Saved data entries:
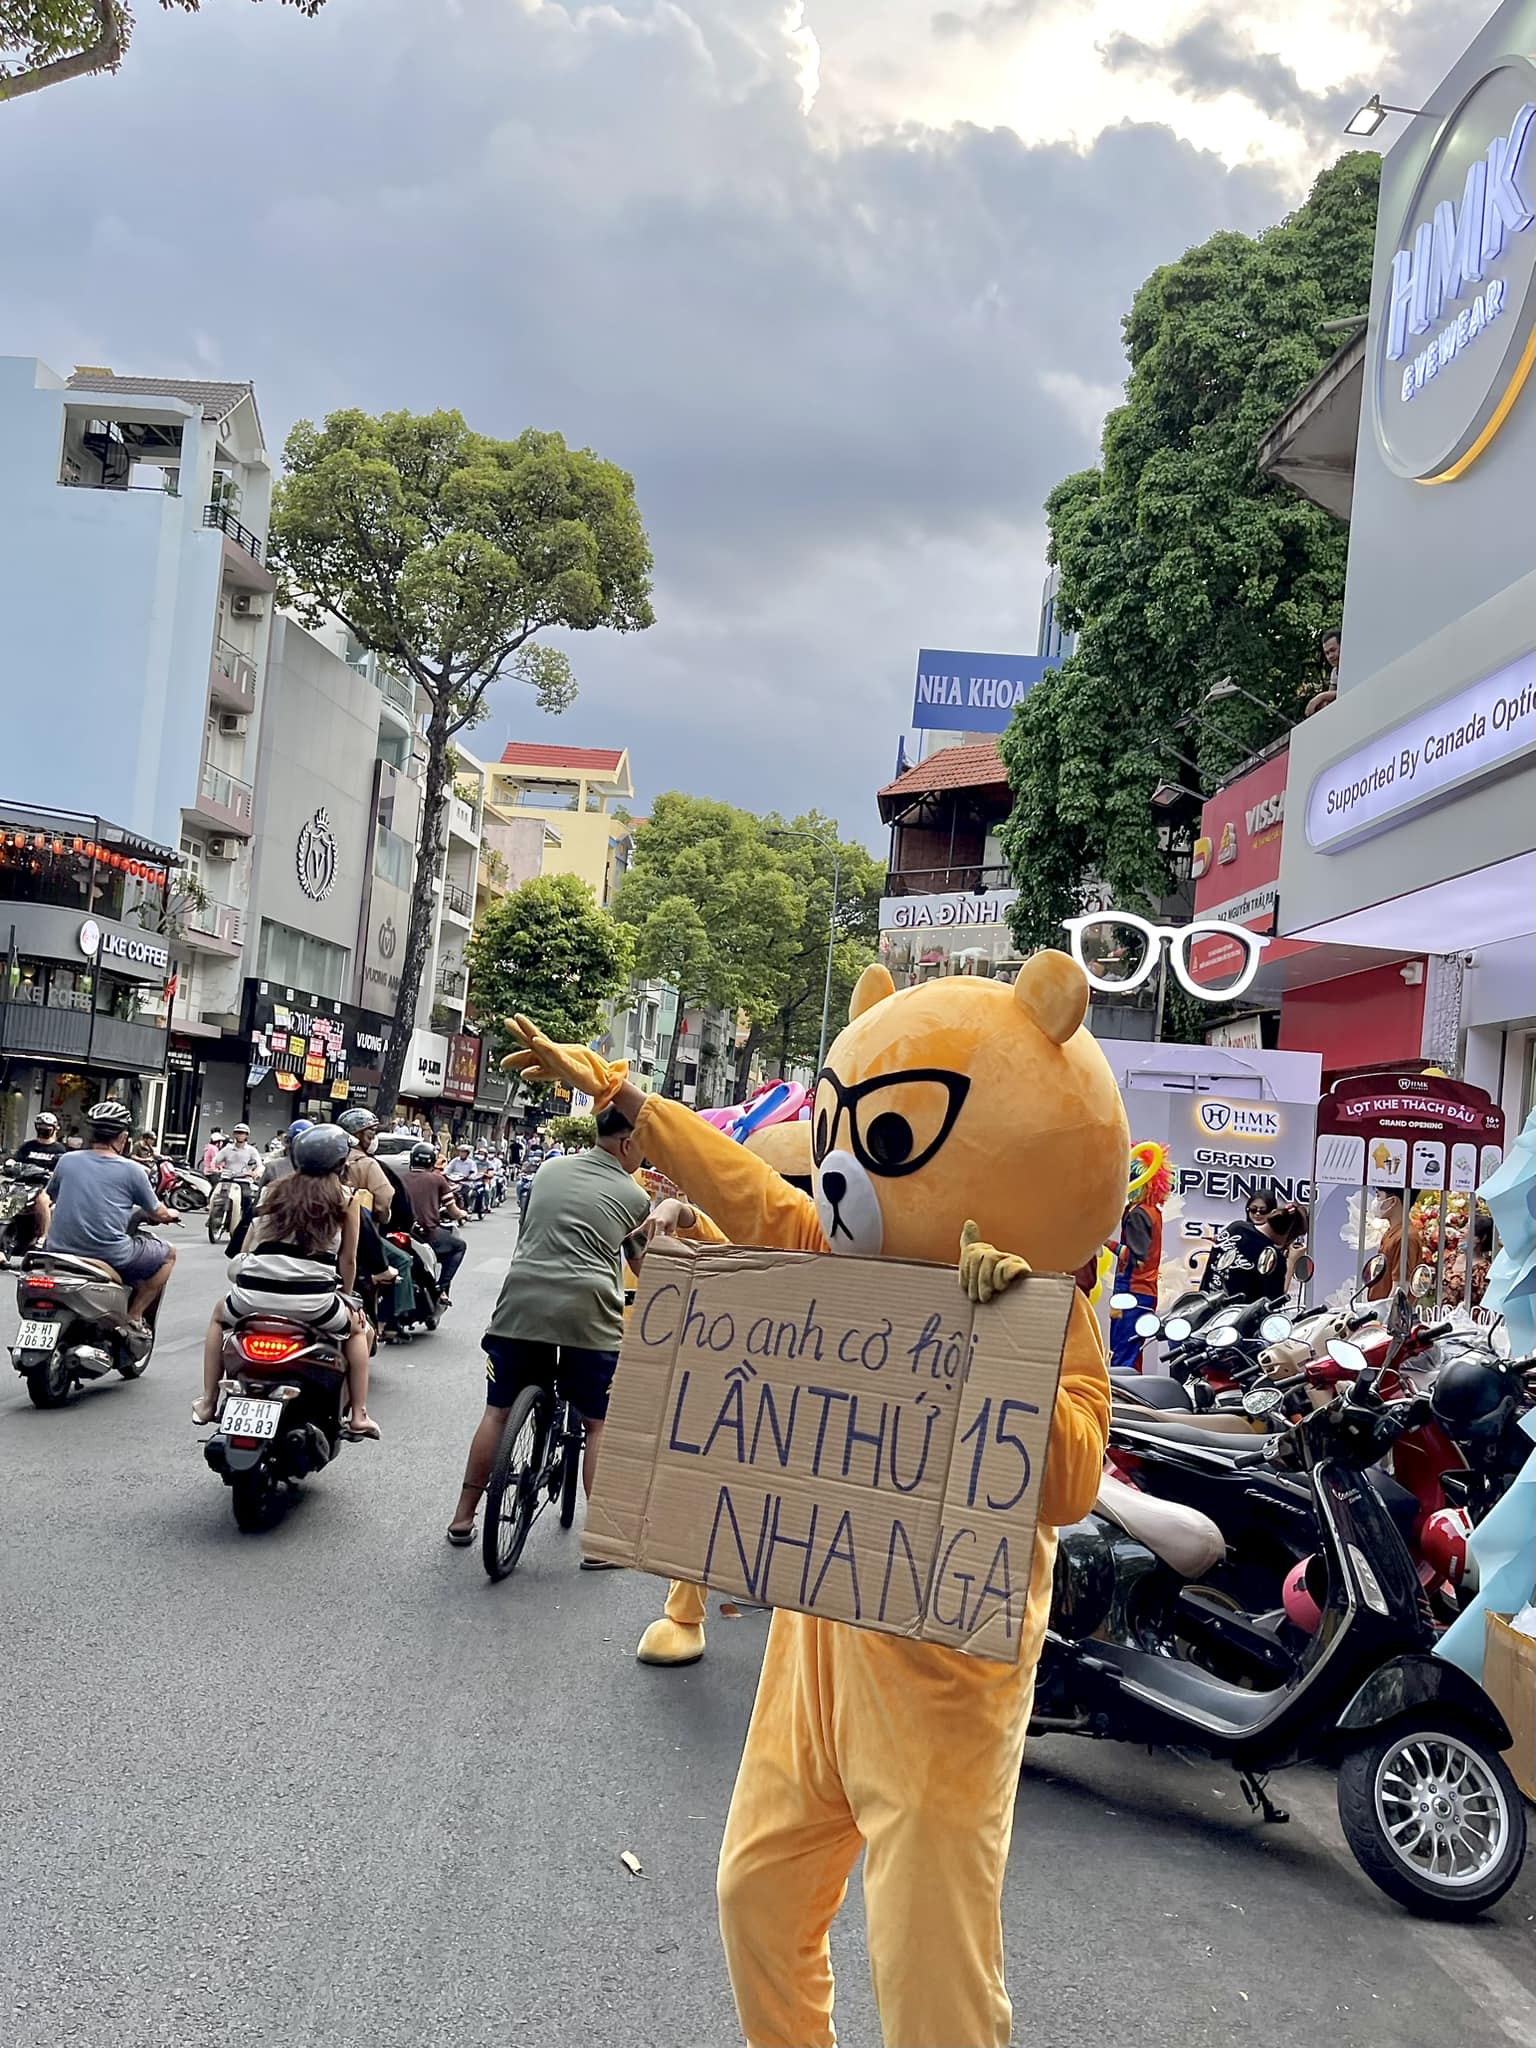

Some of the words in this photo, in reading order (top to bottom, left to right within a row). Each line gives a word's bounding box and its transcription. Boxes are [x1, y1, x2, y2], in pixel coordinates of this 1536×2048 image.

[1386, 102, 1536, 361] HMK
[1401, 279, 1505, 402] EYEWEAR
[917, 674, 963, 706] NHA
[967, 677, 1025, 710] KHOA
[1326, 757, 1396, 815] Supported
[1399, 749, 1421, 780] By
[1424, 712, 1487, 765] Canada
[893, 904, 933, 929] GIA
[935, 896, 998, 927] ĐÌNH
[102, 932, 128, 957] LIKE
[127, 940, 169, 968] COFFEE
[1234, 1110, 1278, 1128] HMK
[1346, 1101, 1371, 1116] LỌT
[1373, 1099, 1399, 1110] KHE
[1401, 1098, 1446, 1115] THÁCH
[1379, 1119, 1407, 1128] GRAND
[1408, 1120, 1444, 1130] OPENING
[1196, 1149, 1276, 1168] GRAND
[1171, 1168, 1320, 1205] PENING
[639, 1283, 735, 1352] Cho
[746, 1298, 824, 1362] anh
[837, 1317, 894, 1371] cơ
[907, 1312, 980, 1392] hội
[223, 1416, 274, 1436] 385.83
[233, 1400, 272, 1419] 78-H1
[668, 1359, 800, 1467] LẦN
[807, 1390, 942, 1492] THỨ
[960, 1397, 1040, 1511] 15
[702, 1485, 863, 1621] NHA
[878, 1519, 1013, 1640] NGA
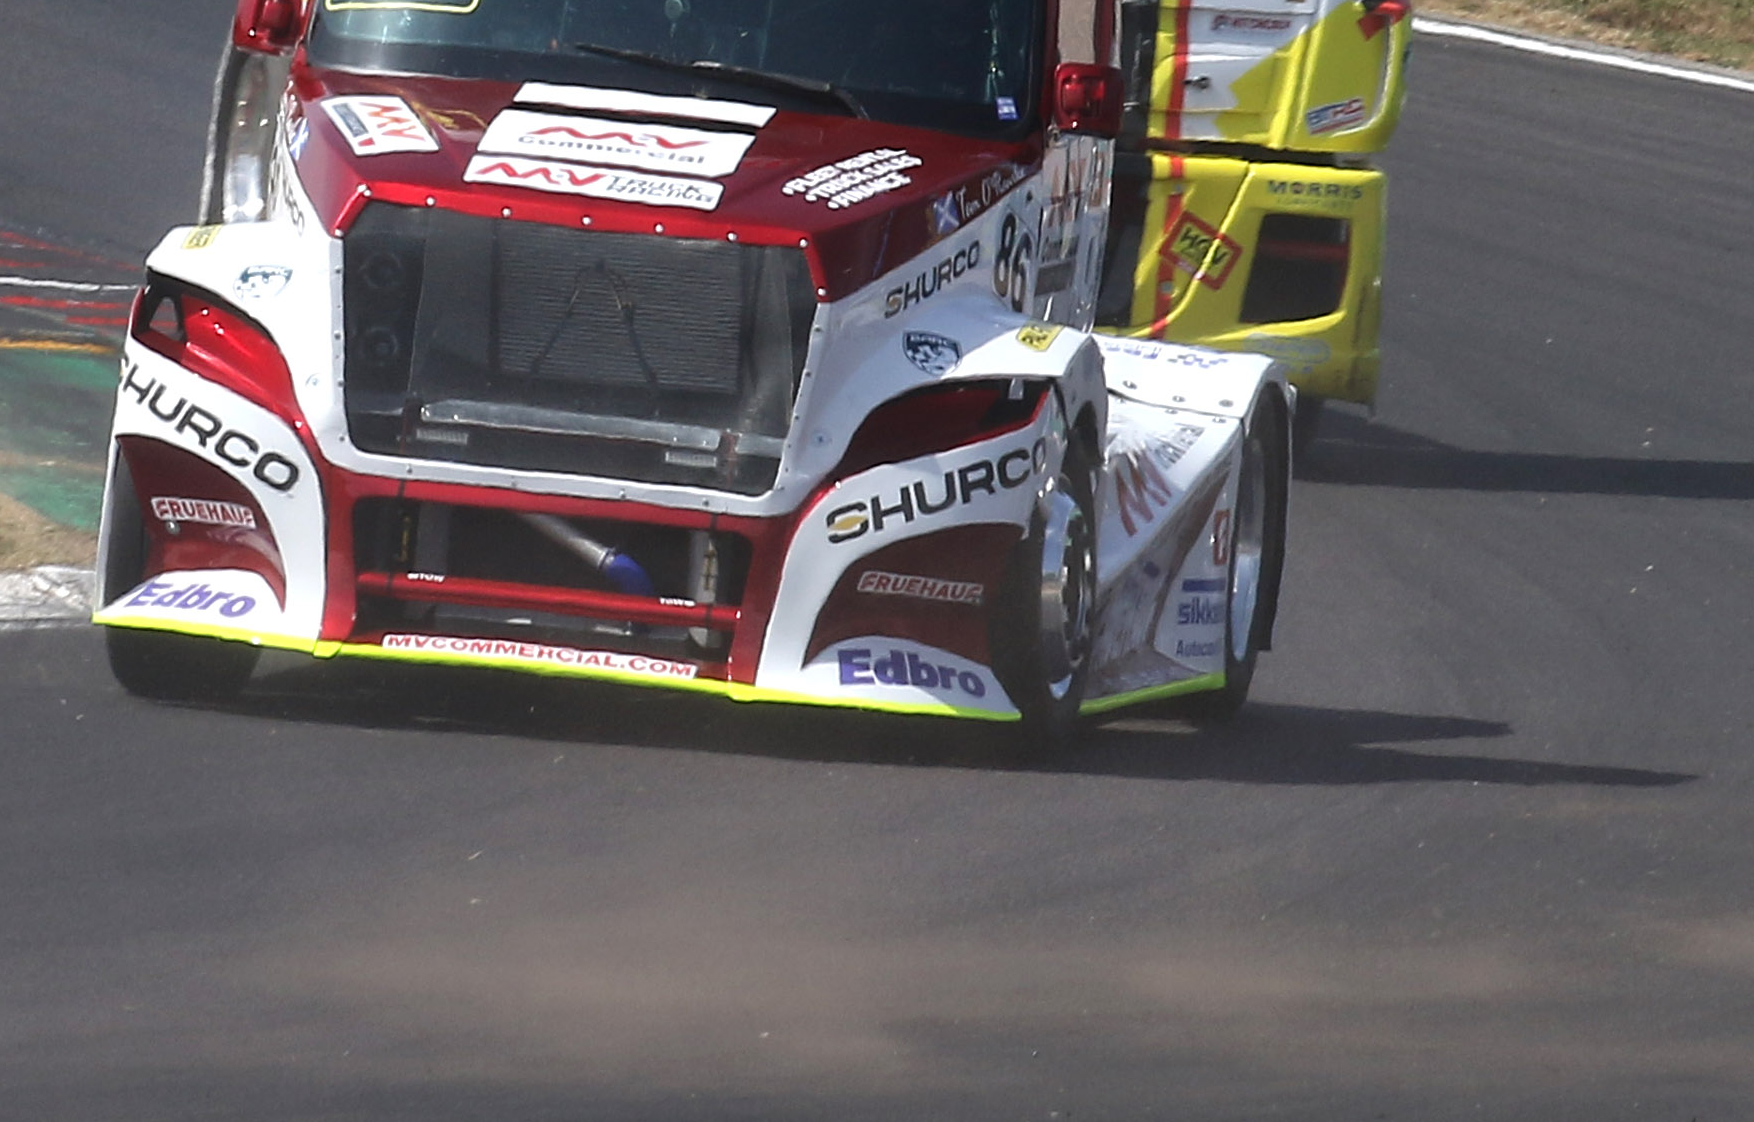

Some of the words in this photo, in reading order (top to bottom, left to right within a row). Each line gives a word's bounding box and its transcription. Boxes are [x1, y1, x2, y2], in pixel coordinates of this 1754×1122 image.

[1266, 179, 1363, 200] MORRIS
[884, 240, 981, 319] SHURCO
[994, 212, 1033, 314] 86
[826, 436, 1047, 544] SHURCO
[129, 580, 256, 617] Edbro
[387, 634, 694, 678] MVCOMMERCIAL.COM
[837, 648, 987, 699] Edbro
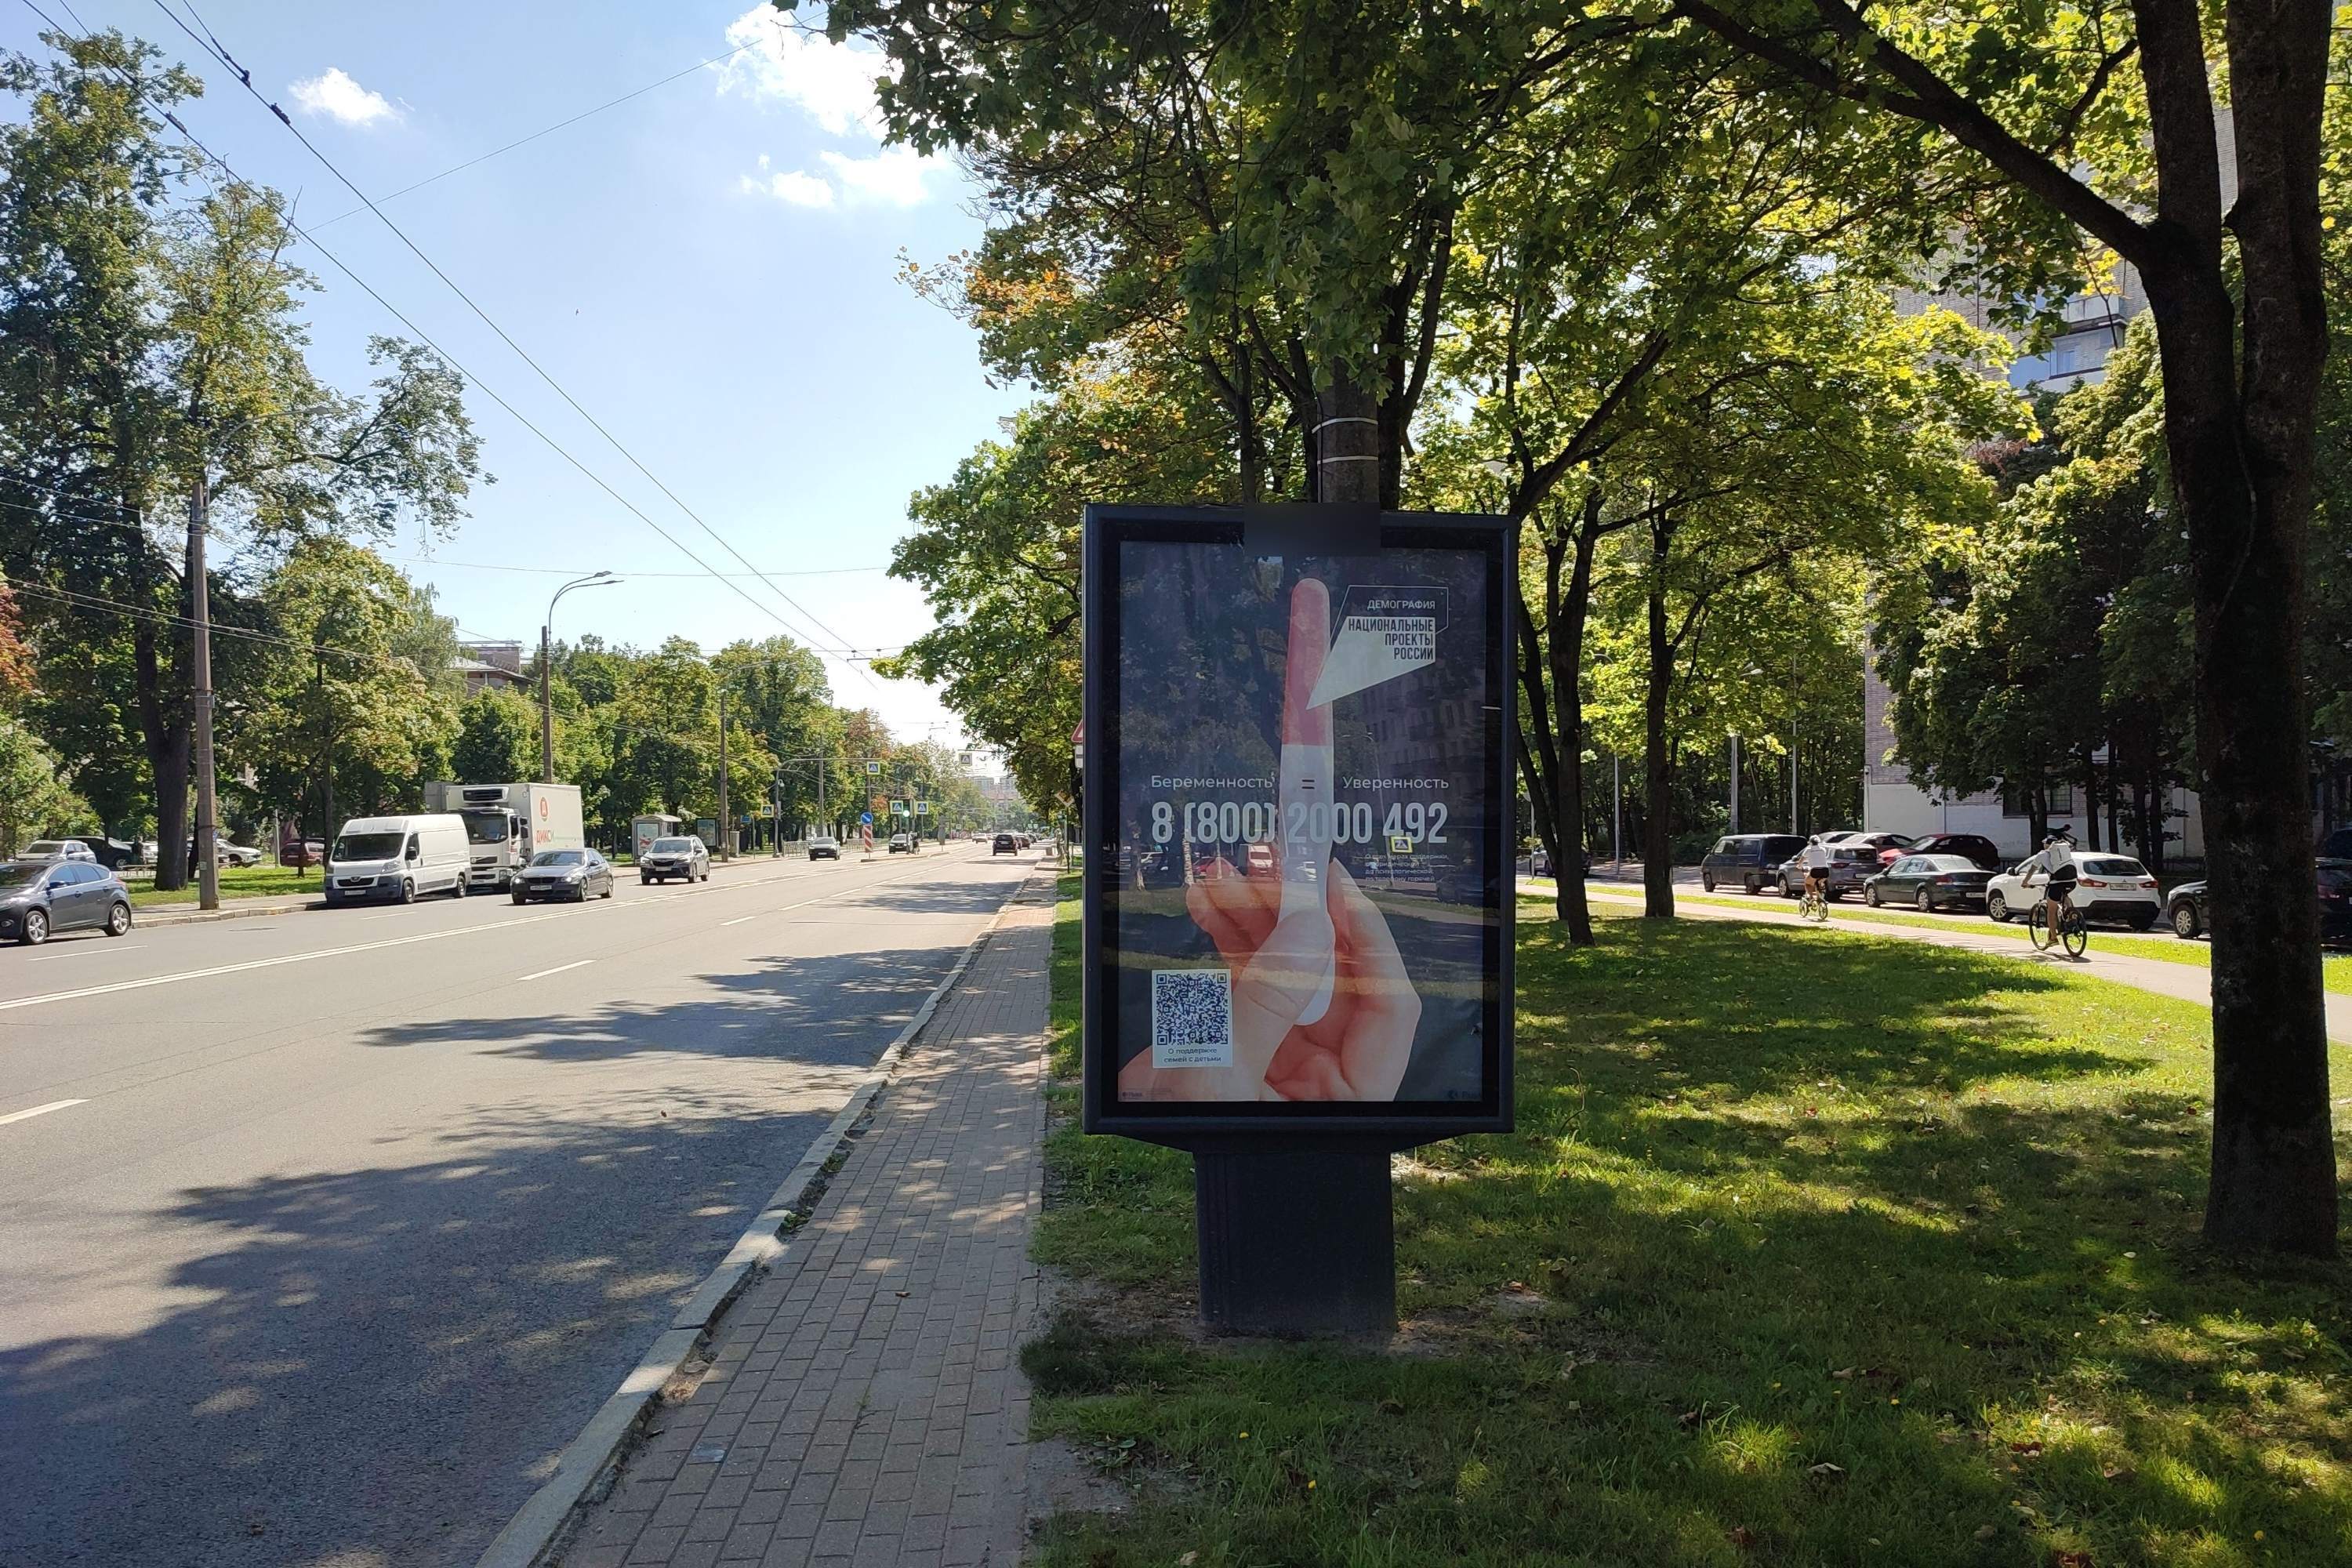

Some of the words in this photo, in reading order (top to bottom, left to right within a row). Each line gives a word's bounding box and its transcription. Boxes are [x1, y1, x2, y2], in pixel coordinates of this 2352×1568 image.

What the task requires
Pictures are to be left out; all else in the entries above is to be quoted exactly.

Solution below
Some of the words in this photo, in reading order (top to bottom, left to right within a row). Each line gives a word's bounding box and its transcription. Boxes are [x1, y1, x2, y2], in pixel coordinates of this 1536×2048 image.

[1386, 102, 1536, 361] HMK
[1401, 279, 1505, 402] EYEWEAR
[917, 674, 963, 706] NHA
[967, 677, 1025, 710] KHOA
[1326, 757, 1396, 815] Supported
[1399, 749, 1421, 780] By
[1424, 712, 1487, 765] Canada
[893, 904, 933, 929] GIA
[935, 896, 998, 927] ĐÌNH
[102, 932, 128, 957] LIKE
[127, 940, 169, 968] COFFEE
[1234, 1110, 1278, 1128] HMK
[1346, 1101, 1371, 1116] LỌT
[1373, 1099, 1399, 1110] KHE
[1401, 1098, 1446, 1115] THÁCH
[1379, 1119, 1407, 1128] GRAND
[1408, 1120, 1444, 1130] OPENING
[1196, 1149, 1276, 1168] GRAND
[1171, 1168, 1320, 1205] PENING
[639, 1283, 735, 1352] Cho
[746, 1298, 824, 1362] anh
[837, 1317, 894, 1371] cơ
[907, 1312, 980, 1392] hội
[223, 1416, 274, 1436] 385.83
[233, 1400, 272, 1419] 78-H1
[668, 1359, 800, 1467] LẦN
[807, 1390, 942, 1492] THỨ
[960, 1397, 1040, 1511] 15
[702, 1485, 863, 1621] NHA
[878, 1519, 1013, 1640] NGA

Some of the words in this photo, in reading order (top to bottom, left to right within a row). Each line gives a word's bounding box and its transcription. Boxes are [x1, y1, x2, y2], in pixel coordinates of this 1754×1122 image.

[1266, 179, 1363, 200] MORRIS
[884, 240, 981, 319] SHURCO
[994, 212, 1033, 314] 86
[826, 436, 1047, 544] SHURCO
[129, 580, 256, 617] Edbro
[387, 634, 694, 678] MVCOMMERCIAL.COM
[837, 648, 987, 699] Edbro

Some of the words in this photo, in reading order (top to bottom, left to right within a row). Each line gives a word's bounding box and its transcription. Boxes are [x1, y1, x2, y2], in pixel coordinates of this 2352×1568 image.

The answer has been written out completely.